The cinereous-breasted spinetail (Synallaxis hypospodia) is a species of bird in the Furnariinae subfamily of the ovenbird family Furnariidae. It is found in Bolivia, Brazil, Paraguay, and Peru.

==Taxonomy and systematics==

The cinereous-breasted spinetail was previously treated as a subspecies of Spix's spinetail (S. spixi); the two are now considered sister species. The cinereous-breasted spinetail is monotypic.

==Description==

The cinereous-breasted spinetail is 15 to 16 cm long and weighs 15 to 18 g. The sexes have the same plumage. Adults have a faint gray supercilium on an otherwise gray-brown face. Their forecrown is dark gray-brown, their crown and nape chestnut-rufous, and their back, rump and uppertail coverts dark brown. Their wing coverts are chestnut-rufous and their flight feathers dark brown with rufescent edges. Their tail is a darker brown than the back; it is graduated and the feathers have rounded tips. Their chin and throat are mostly whitish; the lower throat feathers are blackish with whitish edges. Their breast is brownish gray ("cinereous" means ash-colored), their belly whitish, and their flanks and undertail coverts brownish. Their iris is reddish brown, their maxilla black, their mandible silvery gray to grayish horn, and their legs and feet olive or grayish olive to brownish yellow. Juveniles have a gray-brown crown, mostly ochraceous clay-brown underparts, and a less distinct throat patch than the nominate.
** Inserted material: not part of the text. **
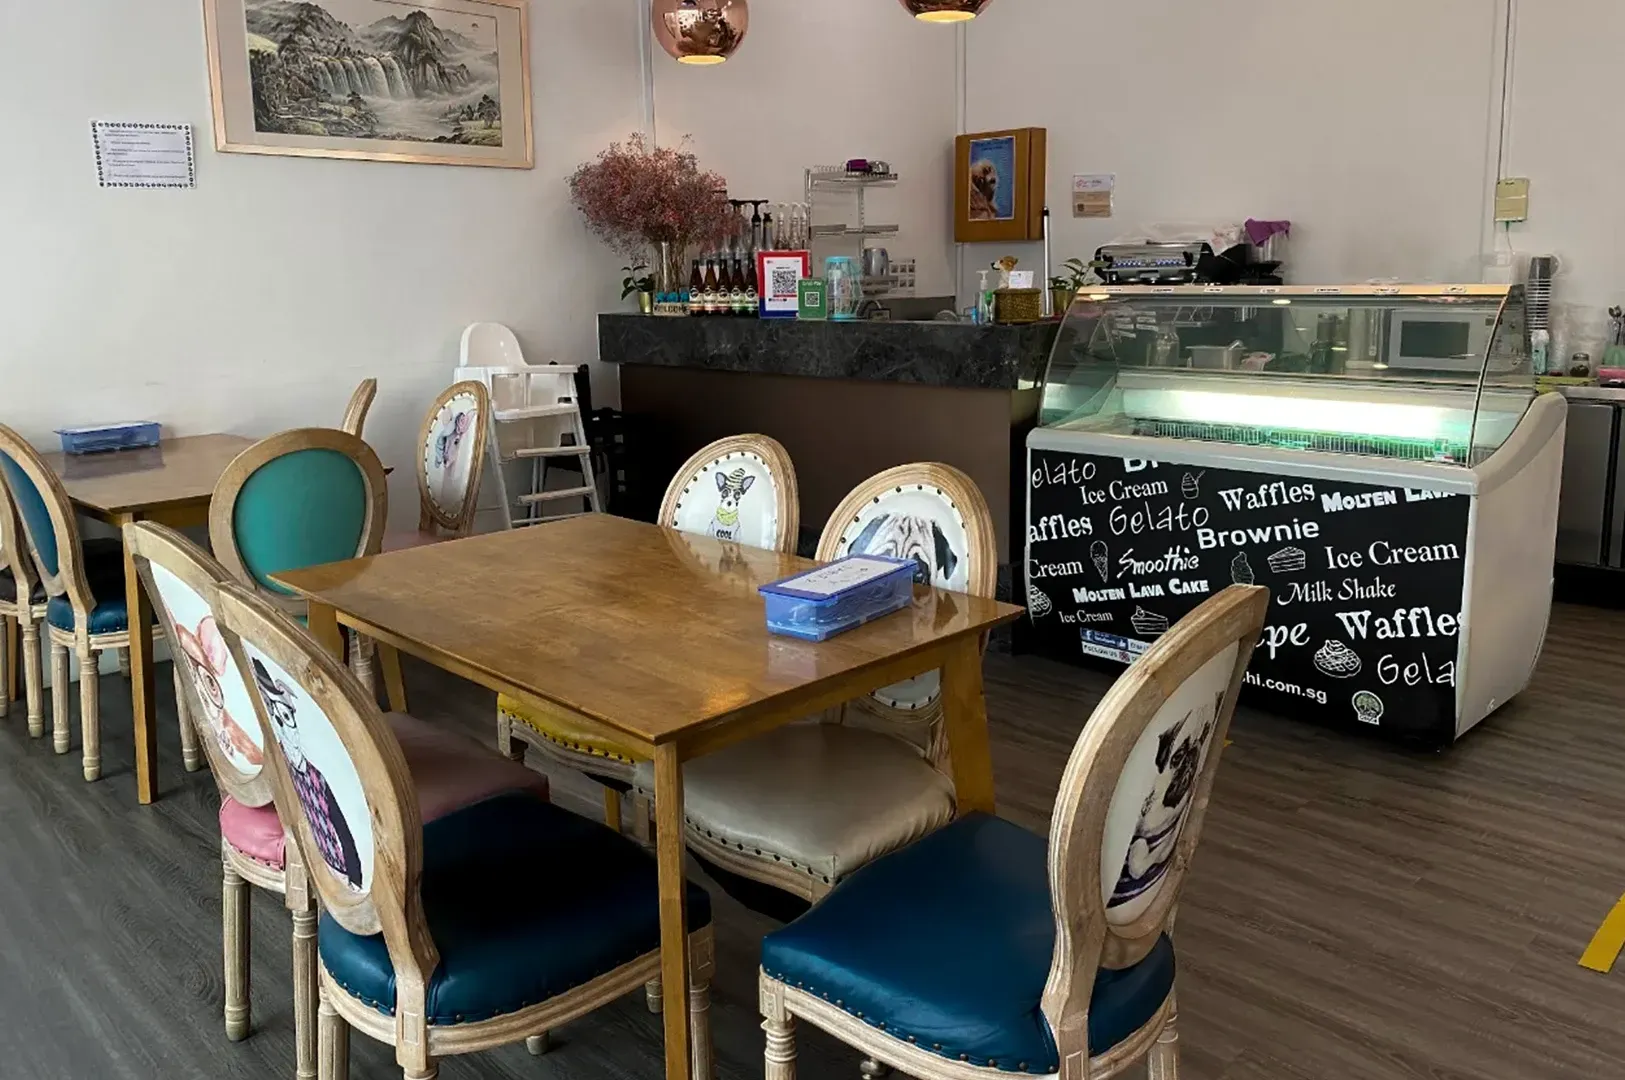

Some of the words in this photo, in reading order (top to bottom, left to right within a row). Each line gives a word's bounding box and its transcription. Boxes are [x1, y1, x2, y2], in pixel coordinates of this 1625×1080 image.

==Distribution and habitat==

The cinereous-breasted spinetail has a disjunct distribution. One population is found in far eastern Peru's Department of Madre de Dios, northern and eastern Bolivia, and Brazil's western Amazon Basin. Another is found from Ceará and Alagoas in northeastern Brazil southwest through Mato Grosso do Sul slightly into southeastern Bolivia and northeastern Paraguay. There are also records at scattered locations throughout central Peru, but some of these are suspected to be misidentifications.

The cinereous-breasted spinetail inhabits a variety of open landscapes including seasonally wet grassland, scrublands, campina, and savannah. Within them it favors areas near water. In elevation it ranges from near sea level to about 700 m.

==Behavior==
===Movement===

The cinereous-breasted spinetail is a year-round resident throughout its range.

===Feeding===

The diet and foraging behavior of the cinereous-breasted spinetail are not well known. It is thought to feed on arthropods that it gleans from foliage and small branches, staying about 1 to 2 m above the ground. It is usually seen in pairs.

===Breeding===

Nothing is known about the breeding biology of the cinereous-breasted spinetail.

===Vocalization===

Remsen describes the cinereous-breasted spinetail's principal vocalization as "a hurried and loud chatter on same pitch, 'chéw, chew-chee-chee-chee-ee-ee-ee-ee-ee-eu', accelerating at end". As described by vanPerlo, it is a "high, sharp 'tut-Drrrrrrruh' (last part staccato and slightly descending)".

==Status==

The IUCN has assessed the cinereous-breasted spinetail as being of Least Concern. It has a large range; its population size is not known but is believed to be stable. No immediate threats have been identified. It is considered locally common to fairly common but is poorly known.